Segment Start: Data to examine
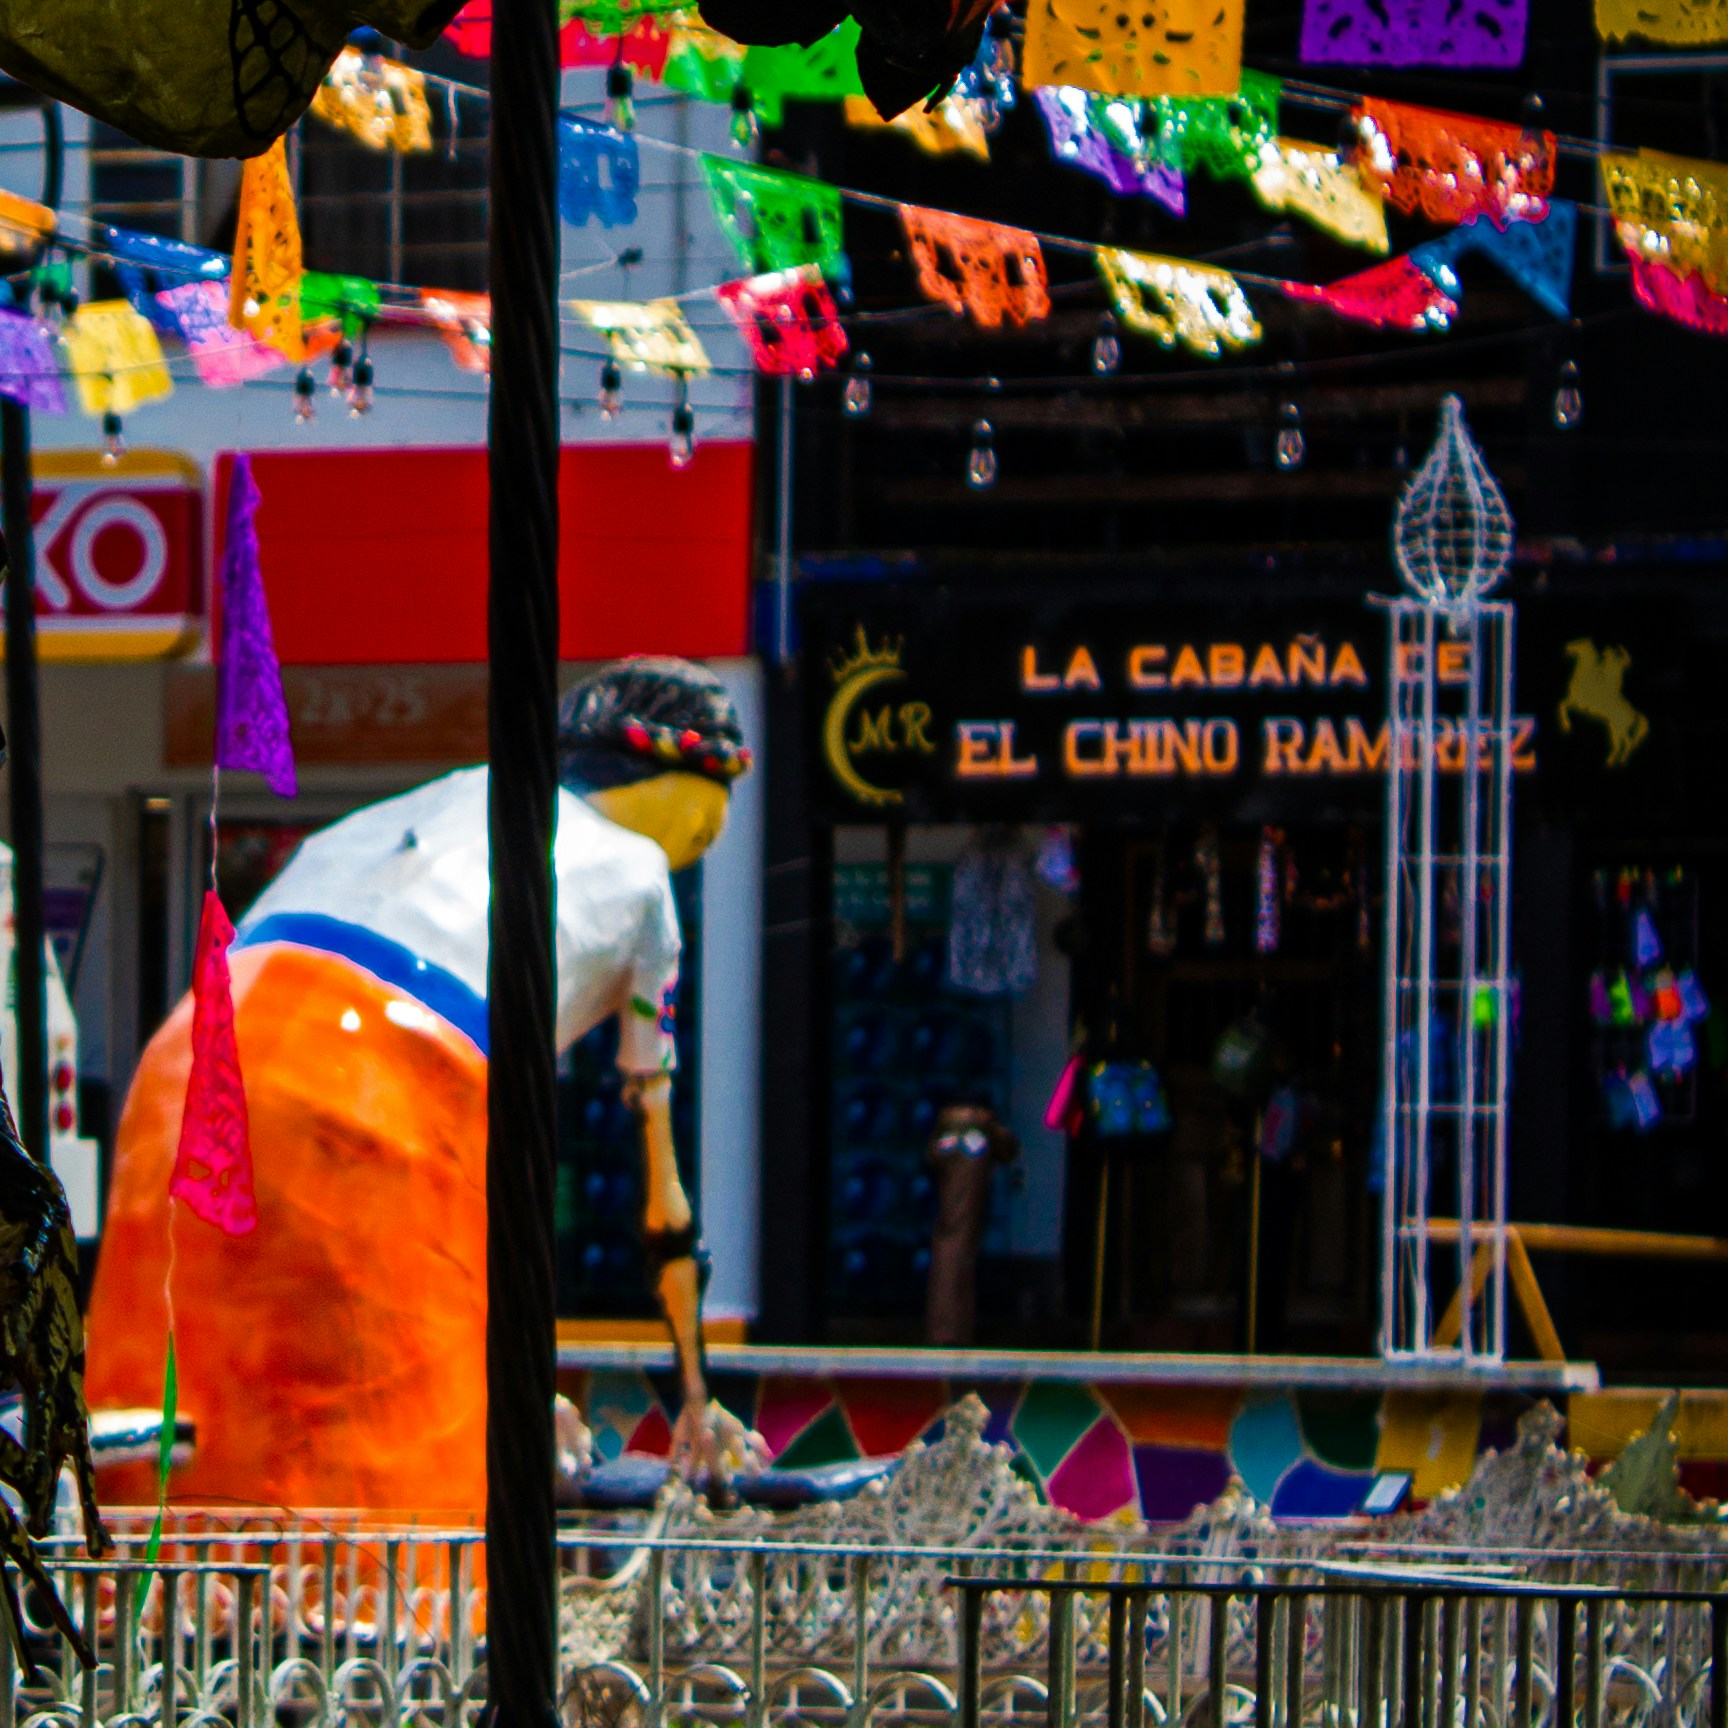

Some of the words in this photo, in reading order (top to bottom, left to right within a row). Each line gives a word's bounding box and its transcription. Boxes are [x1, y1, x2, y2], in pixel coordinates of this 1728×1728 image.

[4, 485, 170, 612] XO
[1018, 643, 1102, 691] LA
[1126, 632, 1368, 689] CABAÑA
[956, 717, 1038, 774] EL
[1062, 717, 1240, 774] CHINO
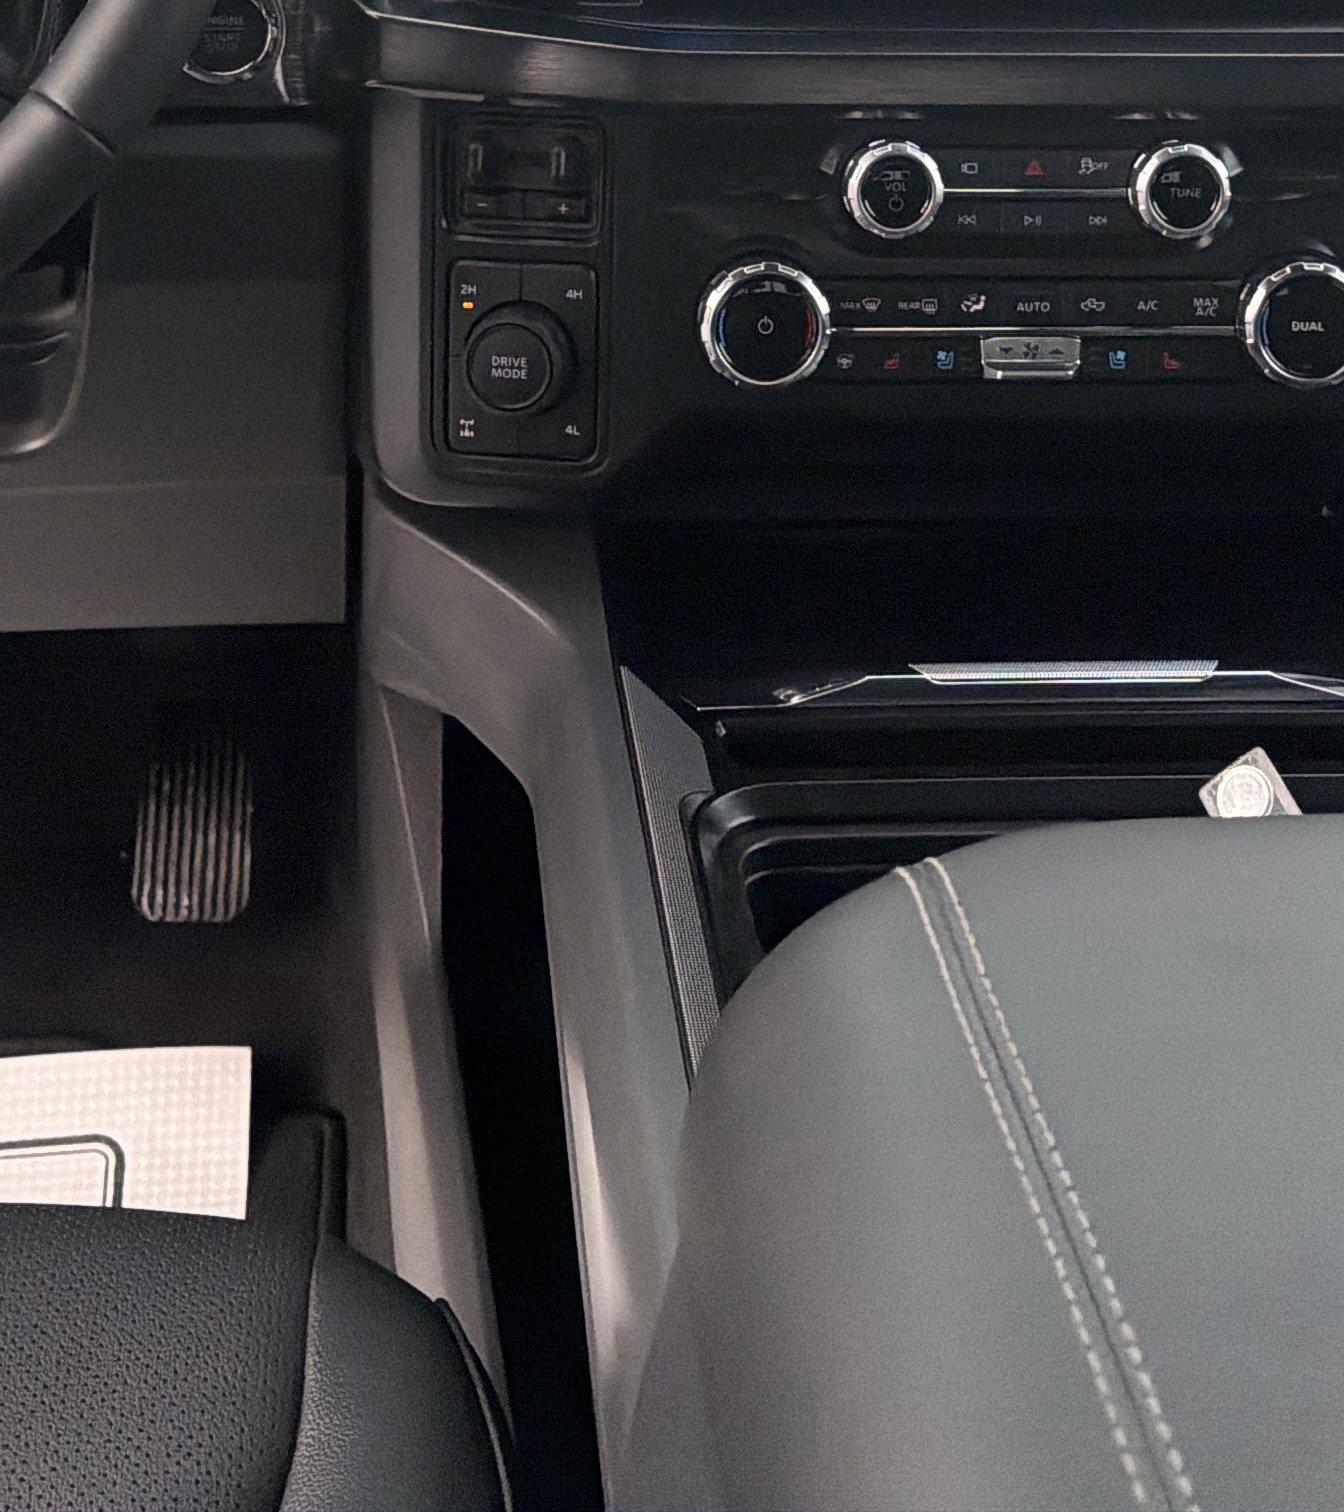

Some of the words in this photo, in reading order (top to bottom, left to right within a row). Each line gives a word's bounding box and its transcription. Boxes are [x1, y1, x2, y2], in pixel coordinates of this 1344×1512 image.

[885, 182, 908, 192] VOL
[1170, 187, 1202, 199] TUNE
[460, 283, 477, 295] 2H
[565, 289, 583, 300] 4H
[1016, 301, 1051, 313] AUTO
[1137, 299, 1158, 312] A/C
[1193, 297, 1219, 307] MAX
[1196, 307, 1217, 317] A/C
[1291, 320, 1325, 332] DUAL
[491, 355, 527, 368] DRIVE
[490, 368, 527, 380] MODE
[564, 424, 581, 436] 4L
Segment End: Data to examine
**What to produce:** Output all the records above exactly, but without their images.

**Response:**
Some of the words in this photo, in reading order (top to bottom, left to right within a row). Each line gives a word's bounding box and its transcription. Boxes are [x1, y1, x2, y2], in pixel coordinates of this 1728×1728 image.

[4, 485, 170, 612] XO
[1018, 643, 1102, 691] LA
[1126, 632, 1368, 689] CABAÑA
[956, 717, 1038, 774] EL
[1062, 717, 1240, 774] CHINO

Some of the words in this photo, in reading order (top to bottom, left to right within a row). Each line gives a word's bounding box and its transcription. Boxes are [x1, y1, x2, y2], in pixel coordinates of this 1344×1512 image.

[885, 182, 908, 192] VOL
[1170, 187, 1202, 199] TUNE
[460, 283, 477, 295] 2H
[565, 289, 583, 300] 4H
[1016, 301, 1051, 313] AUTO
[1137, 299, 1158, 312] A/C
[1193, 297, 1219, 307] MAX
[1196, 307, 1217, 317] A/C
[1291, 320, 1325, 332] DUAL
[491, 355, 527, 368] DRIVE
[490, 368, 527, 380] MODE
[564, 424, 581, 436] 4L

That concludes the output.